It occurred to him that people might just be fleeing the overpowering humidity. It made him groggy and when the bus pulled into San Pedro he felt drugged, and a creeping sense of desperation.

He hailed a taxi and told the driver the address, adding, as Shane had instructed him to, that it was a colonia out towards the airport. The enormously fat, brown-skinned man behind the steering wheel raised one eyebrow and grunted. "The airport? One hundred lempiras."

The American did the calculations in his head. That was nearly eight dollars. He knew he was supposed to haggle, but he hated the very idea of arguing over money. One summer, at the Dominican mission in Mexicali, the brothers had enjoyed taking visiting relatives out to the markets to dicker and bargain with the vendors, but he had never done so. He always paid the asked price. It was worth getting taken to avoid haggling. He couldn’t explain his repulsion. He never said so but he believed it offended his sense of honesty. He thought that everything should just have its price and if the price was too high, people shouldn’t buy it. But he had never been popular with the brothers and if he had mentioned an "offense against his honesty" they would have never let him live it down.

Still, he could not afford eight dollars for a taxi ride. Reluctantly he entered the arena.

"Fifty lempiras."

This time it was the driver’s turn to be offended. His hulking frame shuddered as he rocked himself toward the open window and looked up at the gringo with wide, surprised eyes.
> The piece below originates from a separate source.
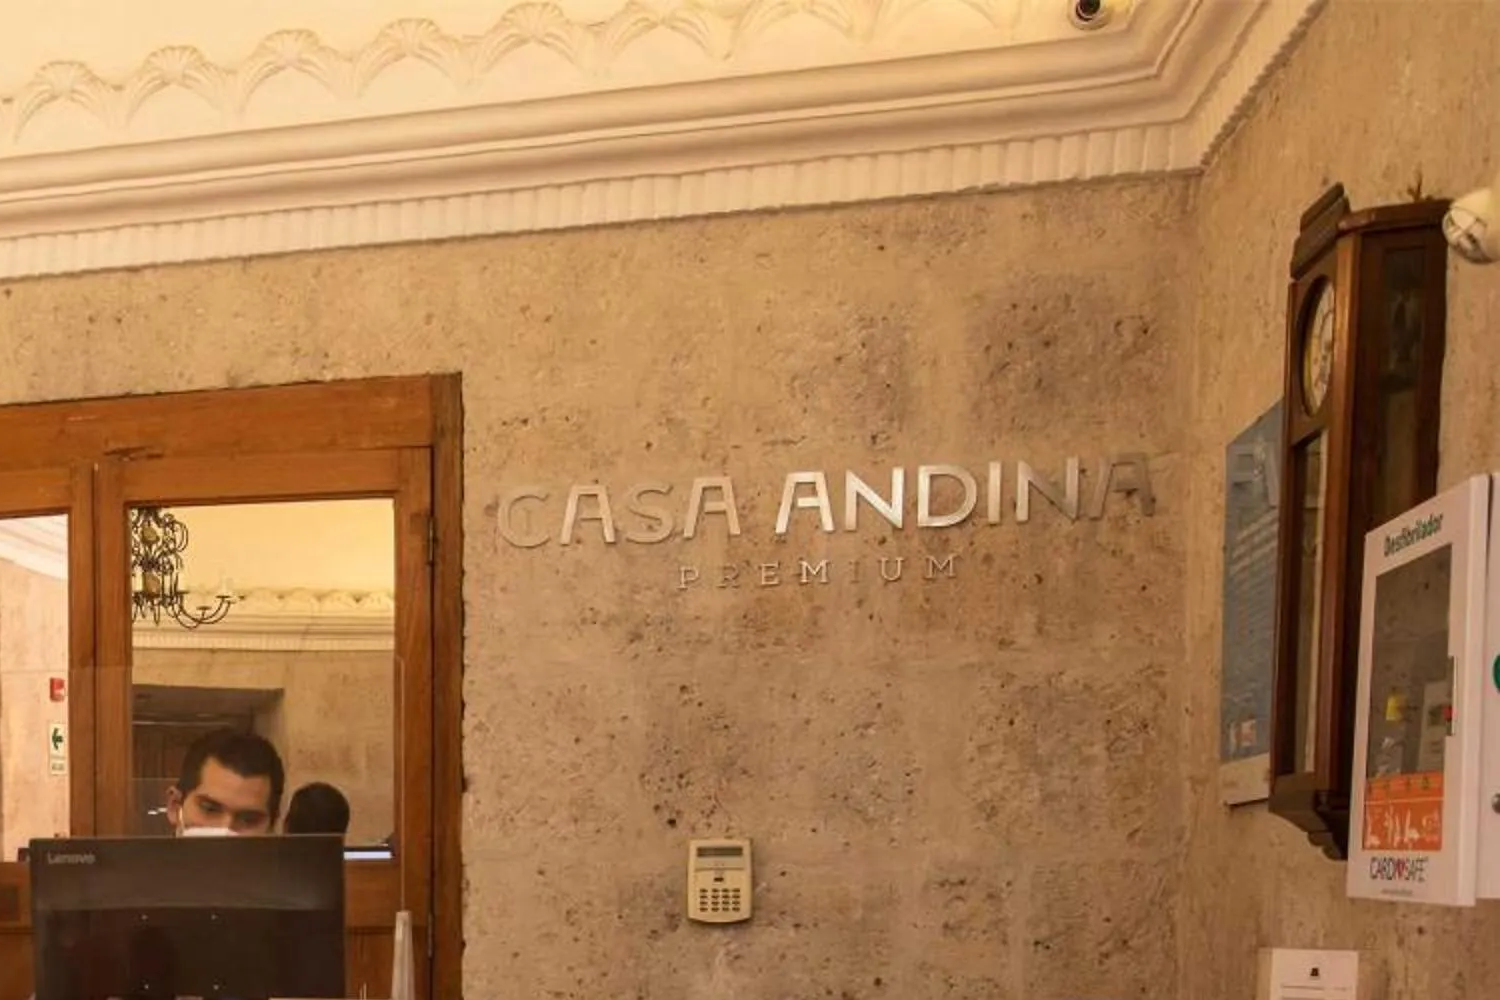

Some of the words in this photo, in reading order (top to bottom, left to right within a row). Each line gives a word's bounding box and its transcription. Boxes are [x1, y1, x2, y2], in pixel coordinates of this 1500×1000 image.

"Fifty lempiras! Can’t be done, friend. I have to live, you know." He settled back in his seat, looking out through the windshield shaking his head. They were quiet for a while. The American was still trying to figure out how to respond to this violent display when the taxi driver, apparently thinking that the silence was part of the gringo’s stratagem, spoke again. "Eighty lempiras."

The American heard an ultimatum. Six dollars. It was still too much, but he already felt dirty from the struggle and ready to give in.

"Fine. Let’s go."

Sam’s address was the sixth apartment in a two-story building that contained a total of eight apartments in all. It was dark by the time they arrived but there were streetlights on the dirt road that passed in front of the building’s courtyard and he could see the open fields surrounding the lonely edifice. A half-mile to the East more lights betrayed the presence of residential homes. He was in a Central American suburb. A flickering Pepsi sign loomed over those distant, shadowed houses. A towering water tank stood outlined darkly against the moonrise.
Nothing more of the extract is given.